• [Exercise aim] A verbatim copy of all the data is required; the pictures should not appear in it.

START Provided data

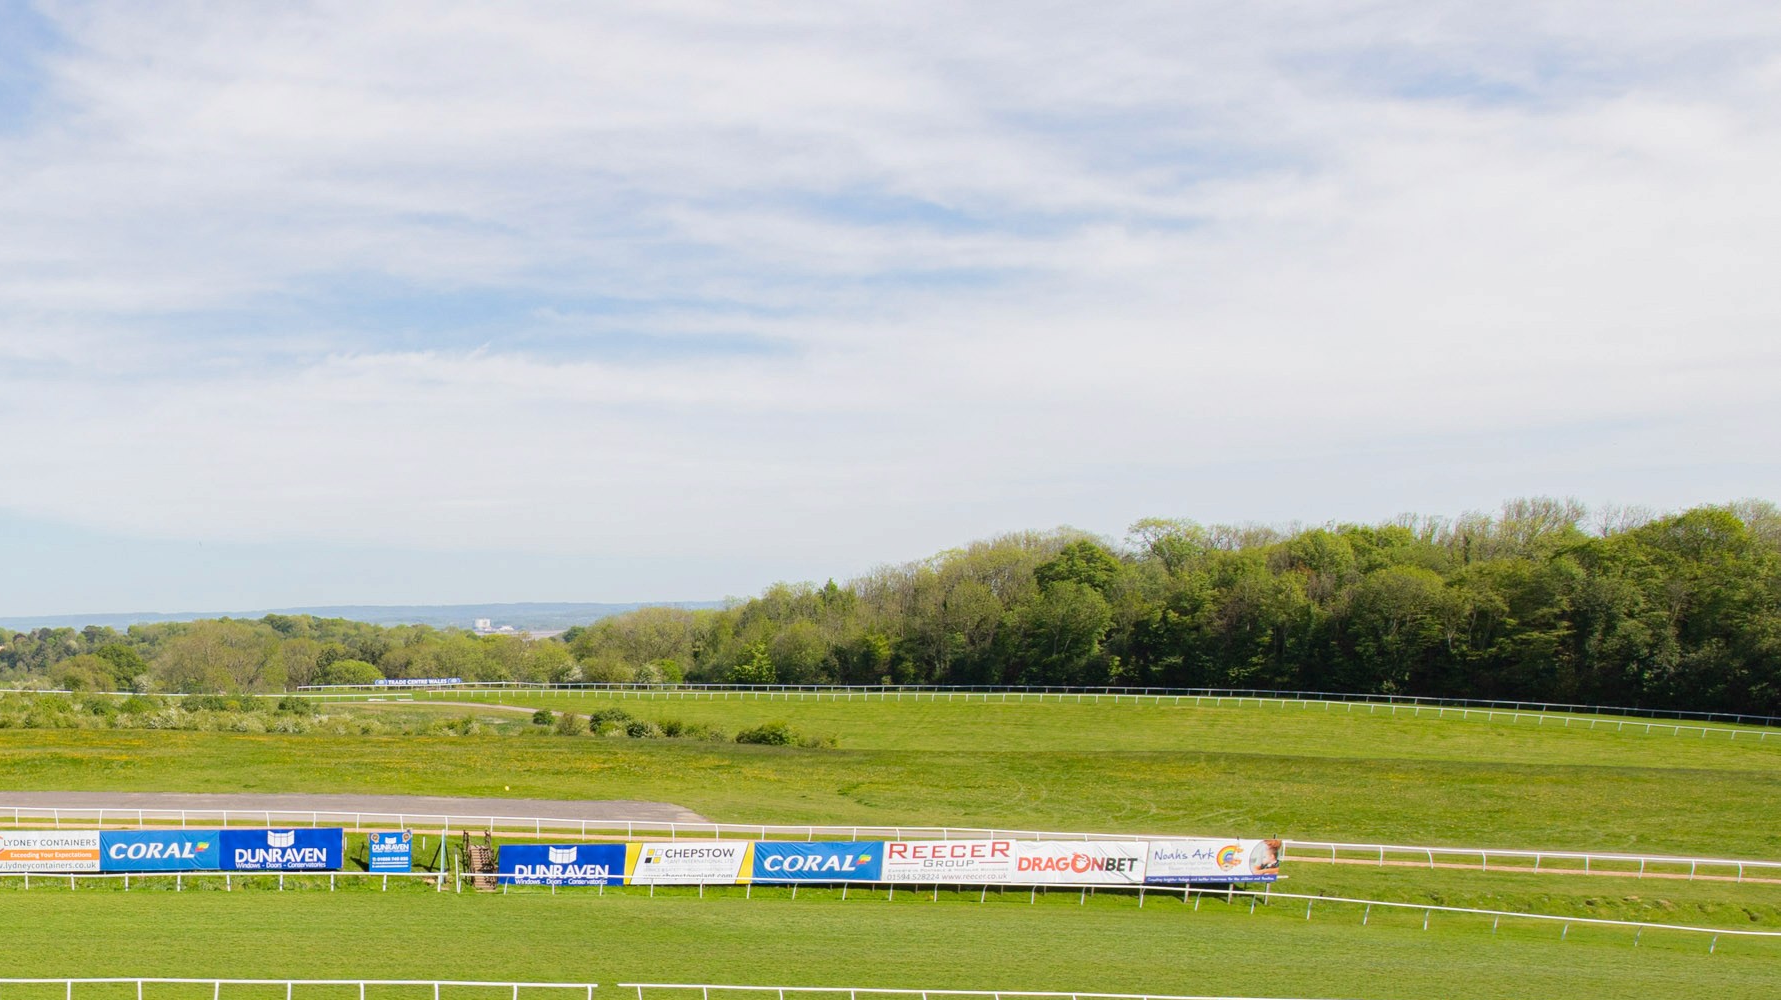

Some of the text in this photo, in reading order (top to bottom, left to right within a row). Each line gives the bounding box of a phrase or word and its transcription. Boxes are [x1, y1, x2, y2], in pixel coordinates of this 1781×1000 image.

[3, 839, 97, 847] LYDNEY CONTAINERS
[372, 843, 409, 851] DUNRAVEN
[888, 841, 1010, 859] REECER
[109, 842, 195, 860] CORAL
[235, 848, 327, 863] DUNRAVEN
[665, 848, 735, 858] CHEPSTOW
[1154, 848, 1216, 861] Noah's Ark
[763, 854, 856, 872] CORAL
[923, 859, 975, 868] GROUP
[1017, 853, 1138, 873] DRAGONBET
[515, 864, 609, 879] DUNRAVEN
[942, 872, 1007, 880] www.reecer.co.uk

END Provided data

• [Written reply]
Some of the text in this photo, in reading order (top to bottom, left to right within a row). Each line gives the bounding box of a phrase or word and its transcription. Boxes are [x1, y1, x2, y2], in pixel coordinates of this 1781×1000 image.

[3, 839, 97, 847] LYDNEY CONTAINERS
[372, 843, 409, 851] DUNRAVEN
[888, 841, 1010, 859] REECER
[109, 842, 195, 860] CORAL
[235, 848, 327, 863] DUNRAVEN
[665, 848, 735, 858] CHEPSTOW
[1154, 848, 1216, 861] Noah's Ark
[763, 854, 856, 872] CORAL
[923, 859, 975, 868] GROUP
[1017, 853, 1138, 873] DRAGONBET
[515, 864, 609, 879] DUNRAVEN
[942, 872, 1007, 880] www.reecer.co.uk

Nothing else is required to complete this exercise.